Ein detaillierter Blick auf die unkonventionelle Militärstrategie des Iran und seine potenzielle Langlebigkeit angesichts der eskalierenden Sanktionen und Angriffe der USA und Israels.
Der Iran hat sich jahrelang durch eine herausfordernde geopolitische Landschaft bewegt, eine Flut von Wirtschaftssanktionen überstanden und steht nun vor einer neuen Welle amerikanisch-israelischer Militärschläge. Doch trotz dieses zunehmenden Drucks bleibt die Islamische Republik eine beeindruckende Kraft und verfolgt eine asymmetrische Strategie, die sich als bemerkenswert widerstandsfähig erwiesen hat. Während Irans konventionelle Fähigkeiten vor der Erosion stehen, sind seine unkonventionellen Taktiken zum Dreh- und Angelpunkt seines regionalen Einflusses geworden.

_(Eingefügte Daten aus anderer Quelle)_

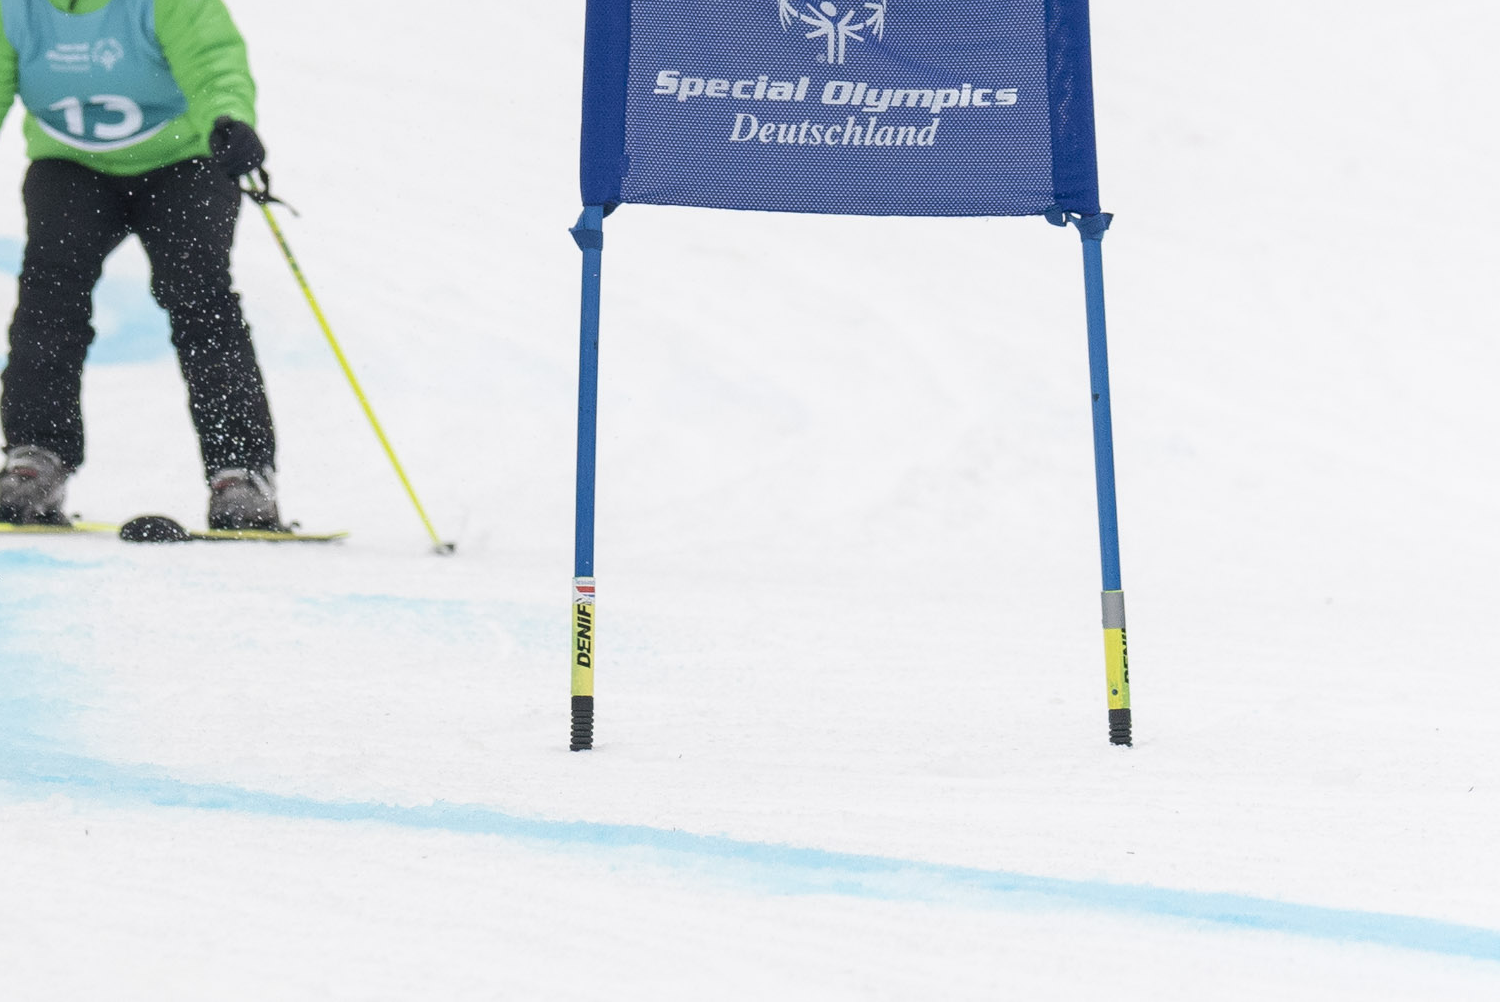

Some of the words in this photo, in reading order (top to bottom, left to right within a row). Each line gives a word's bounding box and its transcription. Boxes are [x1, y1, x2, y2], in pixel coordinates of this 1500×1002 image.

Im Mittelpunkt des asymmetrischen Ansatzes des Iran steht die Konzentration auf unkonventionelle Kriegsführung, Stellvertreternetzwerke und gezielte Angriffe, die darauf abzielen, maximalen Schaden anzurichten und gleichzeitig die direkte Konfrontation mit überlegenen Militärmächten zu minimieren. Von der Mobilisierung der Hisbollah im Libanon bis zur Unterstützung der Huthi-Rebellen im Jemen hat der Iran ein Netz aus Allianzen und bewaffneten Gruppen aufgebaut, die als Kraftmultiplikatoren dienen und seinen regionalen Einfluss durch ein dezentralisiertes Modell der Machtprojektion ausbauen.